Lebih Ramah Lingkungan, Kurangi Ketergantungan Impor Solar (Kelapa Sawit untuk Ketahanan Energi Nasional)
Prokal.co | Selasa, 7 Juli 2020
Lebih Ramah Lingkungan, Kurangi Ketergantungan Impor Solar (Kelapa Sawit untuk Ketahanan Energi Nasional)
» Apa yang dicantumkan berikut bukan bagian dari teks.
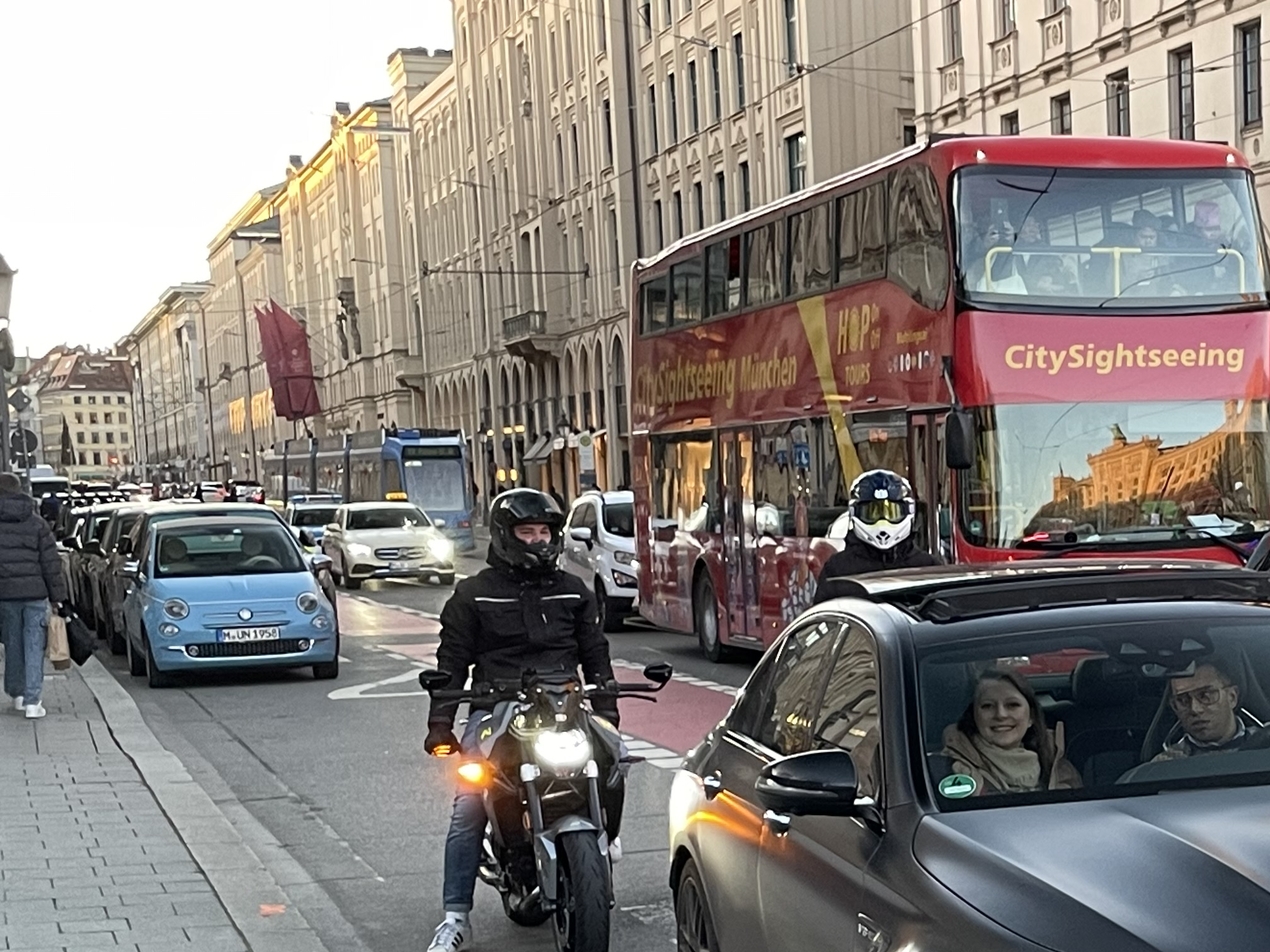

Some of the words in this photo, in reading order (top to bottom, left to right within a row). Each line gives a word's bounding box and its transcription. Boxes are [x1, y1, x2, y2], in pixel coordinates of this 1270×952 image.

Menjadi salah satu produsen minyak kelapa sawit tertinggi di dunia, Indonesia berpeluang besar memiliki ketahanan energi yang mumpuni. Tentu jika program mandatori biodiesel terus dipercepat. Lima belas tahun silam pemerintah memulai program biofuel. Kala itu tersadar kebutuhan minyak tinggi dan sudah mulai impor. Padahal negara ini terkenal sebagai produsen minyak. Mengatasi hal tersebut, pemerintahan yang saat itu di bawah Presiden RI Susilo Bambang Yudhoyono memilih mengembangkan biodiesel tahap pertama pada 2005. Pemerintah muncul dengan kebijakan mandatori biodiesel. Sejak 2006 memulai B5, B10, dan B15. Era Presiden Joko Widodo, program ini semakin diperkuat dengan B20 hingga teranyar tahun ini menjadi B30. Sawit sebagai bahan dasar unggulan biodiesel memiliki segudang keunggulan.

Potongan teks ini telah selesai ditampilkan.